Originally posted by: fria319


I just wanted to reply to this part:


I know multiple people that did go through something similar. It was a similar kind of betrayal, with a far far worse outcome. I don't want to spill their stories all over the internet but I'll just tell you that these couples were married and had more invested into their relationship than what we're seeing on MHRW.


My gut reaction when I heard about these similar betrayals was to curse out their husbands. And I did, in my head. But that's not what I told them to their faces. They didn't need that from me. They were too heartbroken to want to deal with someone couldn't understand their conflicting emotions.
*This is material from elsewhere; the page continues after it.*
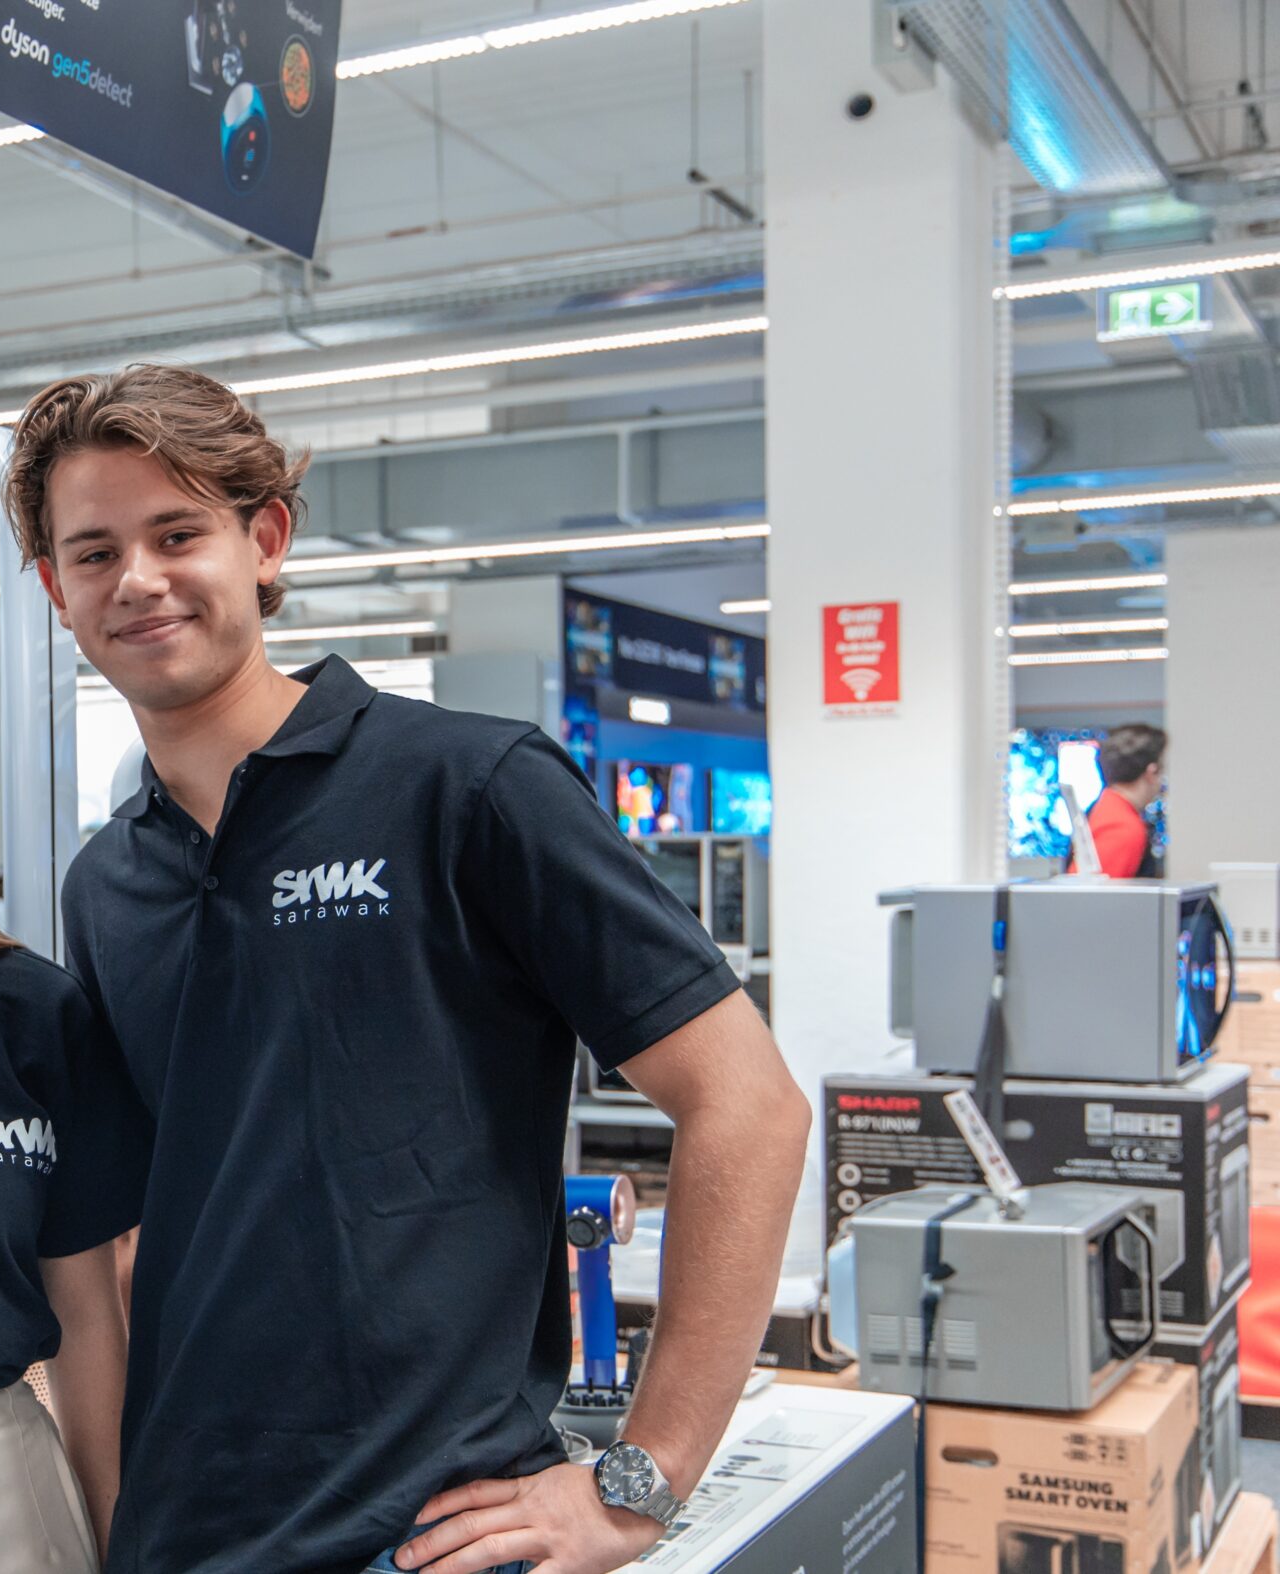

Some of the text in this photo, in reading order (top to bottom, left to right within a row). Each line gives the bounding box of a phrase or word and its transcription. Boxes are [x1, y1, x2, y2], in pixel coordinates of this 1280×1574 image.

[1, 18, 133, 108] dyson gen5detect
[273, 903, 389, 926] sarawak
[1019, 1472, 1113, 1496] SAMSUNG
[1005, 1486, 1128, 1513] SMART OVEN
You know what I told one of the women? I told her to decide for herself what she wanted. I asked her if the pain of his mistake was worse than the pain of being without him. Because being in love with someone doesn't come easy, nor does it come multiple times for everyone. I told her that if she truly loved her husband then there was nothing shameful or wrong about wanting to make it work. Because there is nothing wrong with that. There is no one rule book that we must follow in our lives.


Just because we, an outsider, may think that x person is not good enough for y person, doesn't mean that y person actually thinks that way. Just because we may may not be able to move past something, doesn't mean that y person won't.
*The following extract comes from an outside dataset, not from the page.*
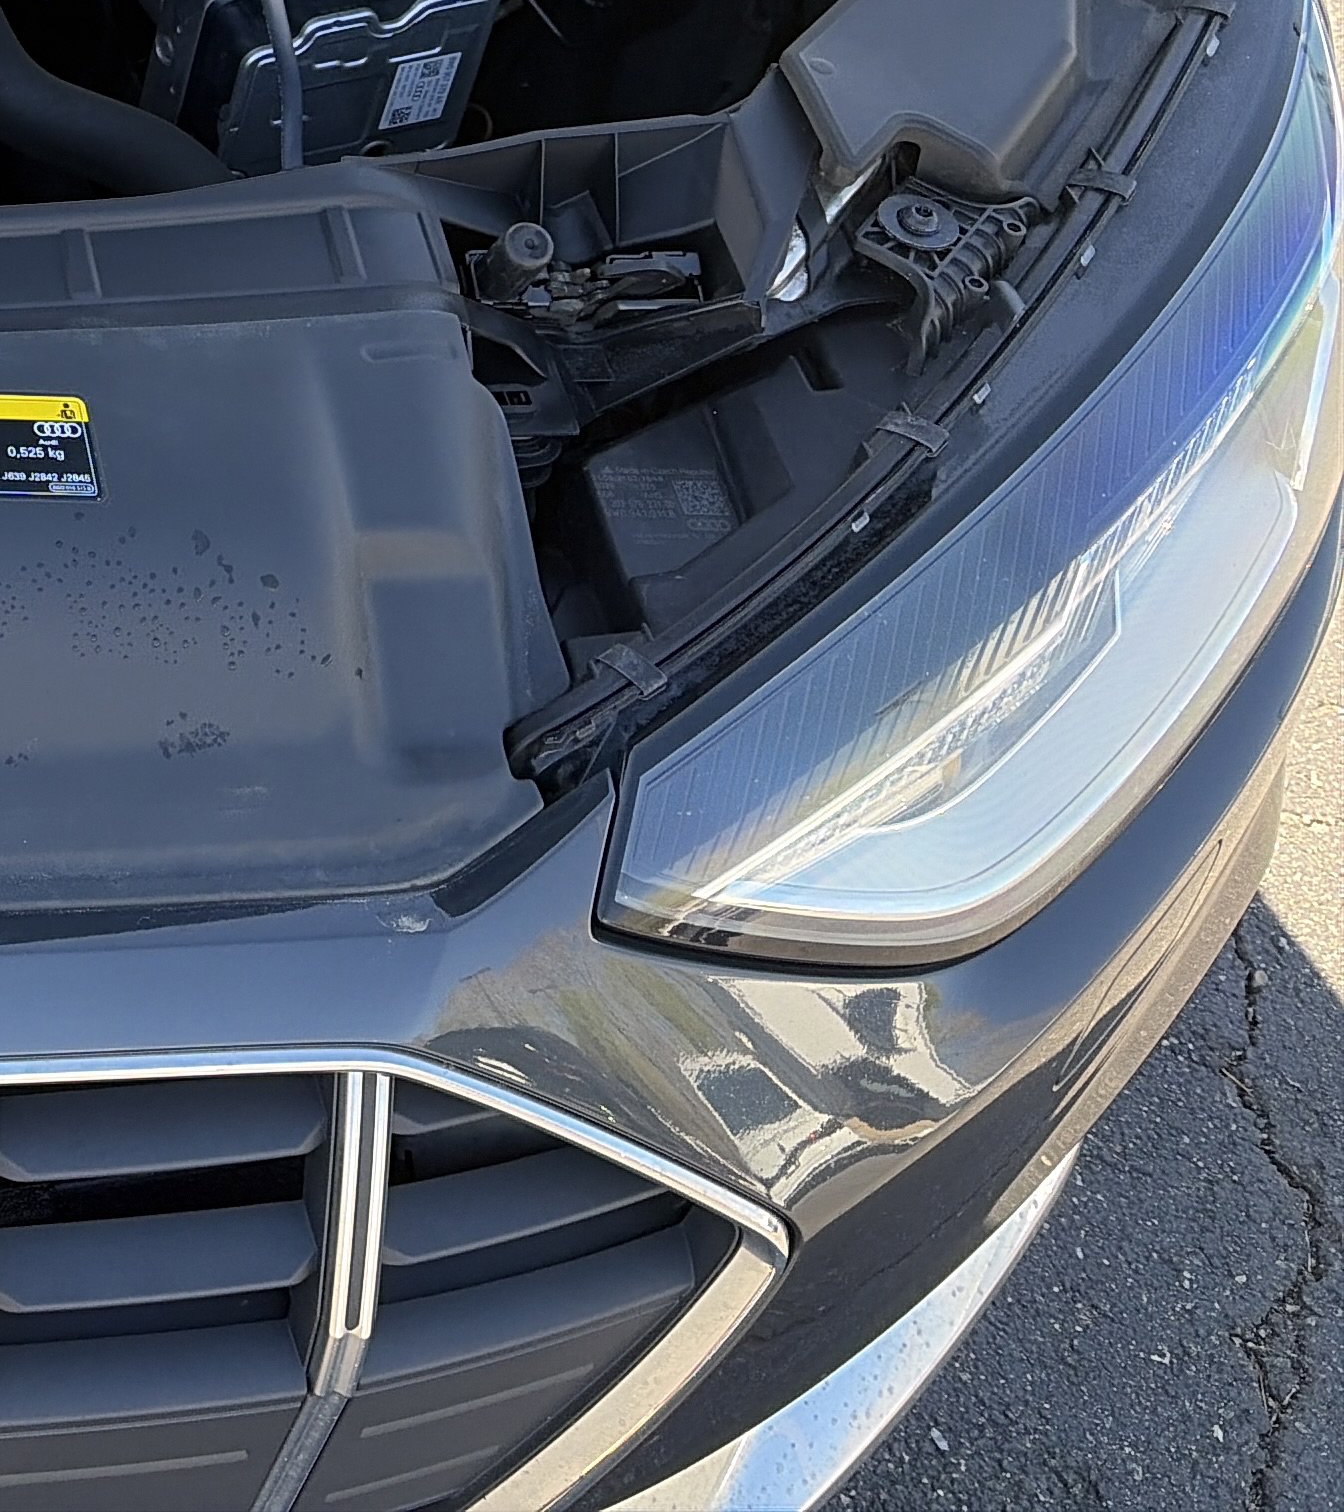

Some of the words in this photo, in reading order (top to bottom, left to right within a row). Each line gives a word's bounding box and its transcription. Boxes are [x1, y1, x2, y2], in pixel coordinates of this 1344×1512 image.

[7, 445, 45, 459] 0,525
[47, 446, 65, 461] kg
[28, 471, 60, 482] J2842
Love has no reason. There's no black and white way of looking at this because we're talking about feelings here. These are emotions that you can't just switch off because someone did something that hurt you. If you could then I don't think it was real love to begin with.


I always want my friends to be happy - to find their happiness. If that happiness lies in/with someone that i still don't even approve of, what has that got to do with me? If she's happy in that relationship, then she just is. I don't need to dig into it deeper than that. Who am I to determine what makes someone else happy?